3.2 Manufacturing According to the ZDA, the manufacturing sector has considerable investment potential given that “the domestic economy is relatively well endowed with resource factors such as raw materials, required labour force, abundant land, water and rich materials” (ZDA, 2014b).

Again, priority areas for investment in the manufacturing sector include processed and refined foods and beverages, textiles and clothing, mineral processing, chemical products (fertilisers, cement, adhesives,

11 explosives), engineering and metal works (processing copper, iron ore, steel and other minerals), leather products, electrical appliances, pharmaceutical products, and packaging materials (ZDA, 2016c).

As per the April 2016 Investor Guide Handbook, “investors who invest not less than US $500,000 and are located in Multi-facility Economic Zones, an Industrial Parks or a Rural areas” are entitled to several fiscal (tax) incentives in the early years of their business (ZDA, 2016c). Investors in this sector, as in all other priority sectors, are also entitled to all non-fiscal incentives listed – in the form of investment guarantees and protection, and facilitation services (ZDA, 2016c).
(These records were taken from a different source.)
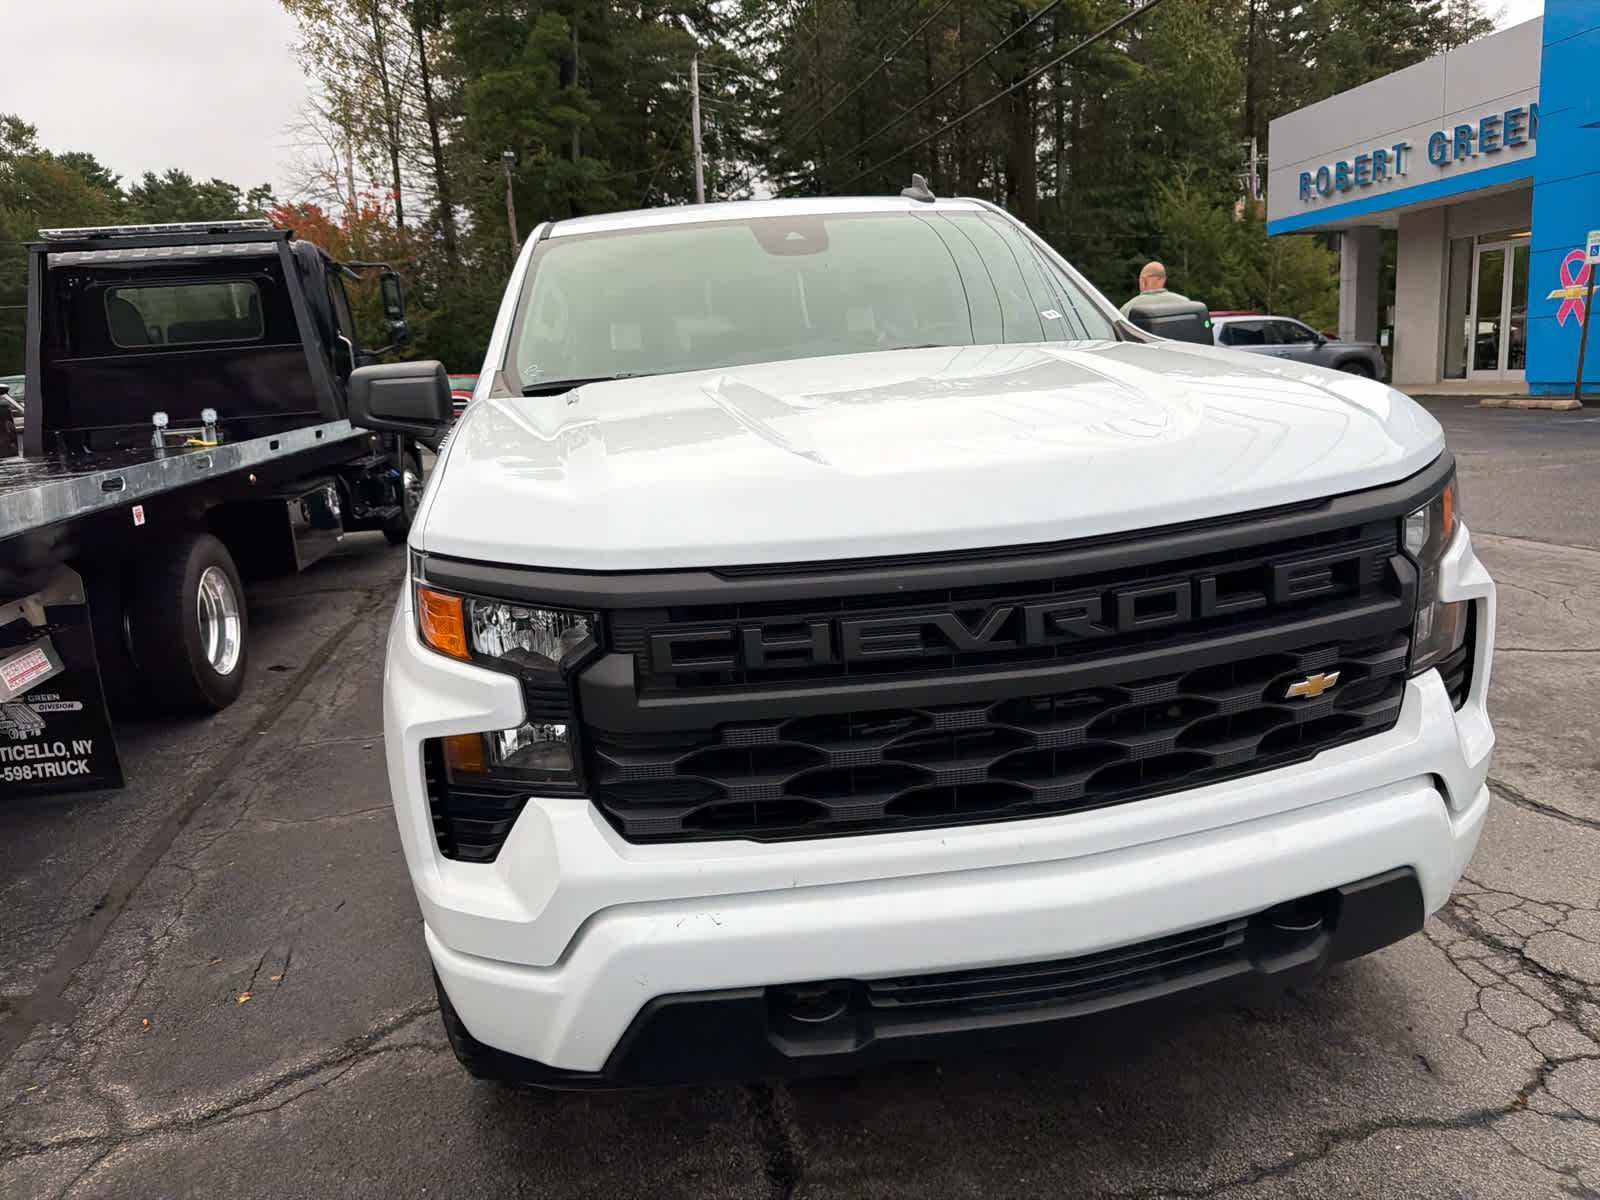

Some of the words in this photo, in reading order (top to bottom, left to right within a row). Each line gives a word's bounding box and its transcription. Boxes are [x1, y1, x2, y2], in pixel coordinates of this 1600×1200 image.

[1298, 142, 1411, 202] ROBERT
[647, 545, 1387, 673] CHEVROLET
[27, 693, 60, 702] GREEN
[38, 702, 74, 711] DIVISION
[72, 739, 93, 755] NY
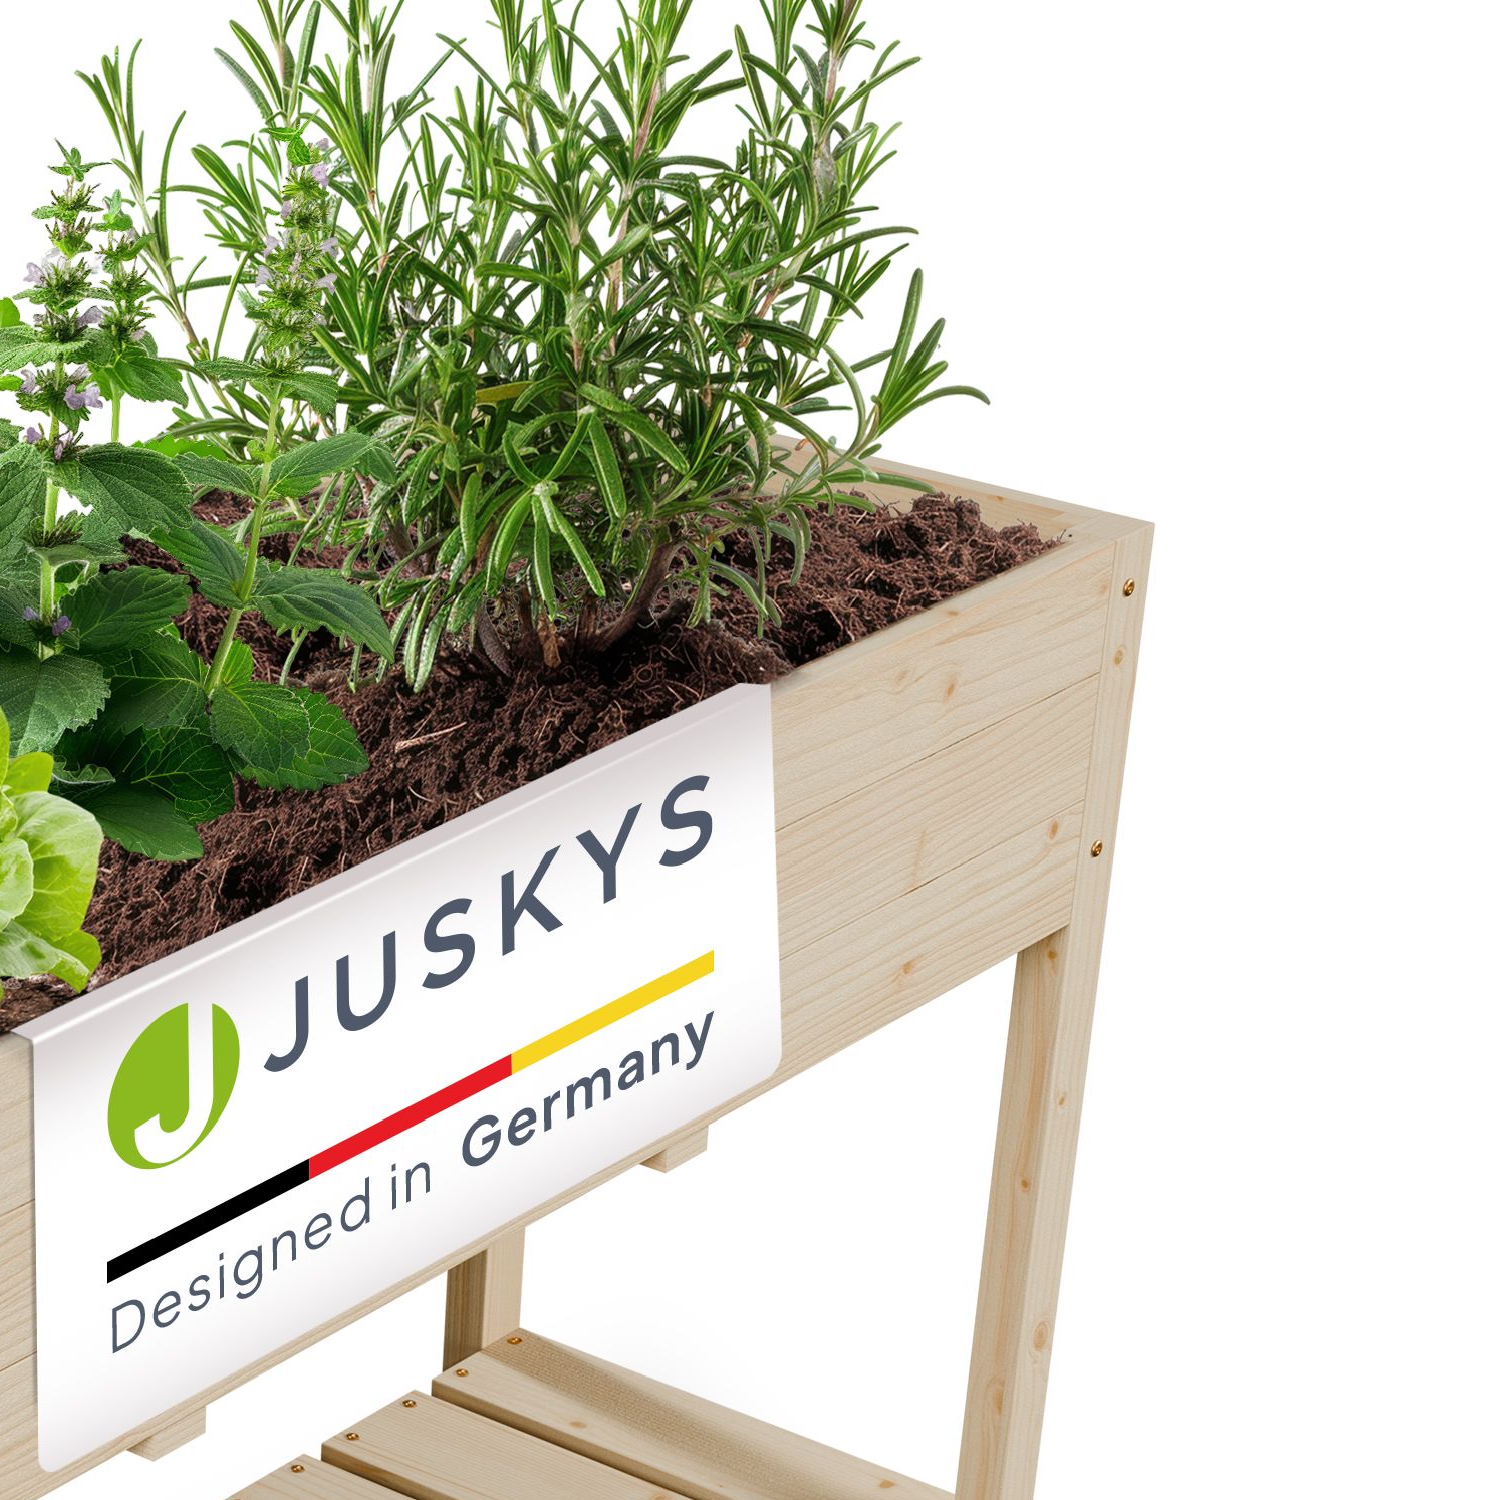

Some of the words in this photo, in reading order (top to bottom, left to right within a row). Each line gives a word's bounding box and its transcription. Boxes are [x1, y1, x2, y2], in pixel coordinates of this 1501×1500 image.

3.3 Infrastructure A priority sector is the construction and establishment of infrastructure for improved tourism, education, health, housing, agriculture, energy, and water and sanitation systems in Zambia. The renovation, expansion, or refurbishment of the aforementioned infrastructure is not considered priority and therefore the same investment incentives do not apply to works of this nature (ZDA, 2016c).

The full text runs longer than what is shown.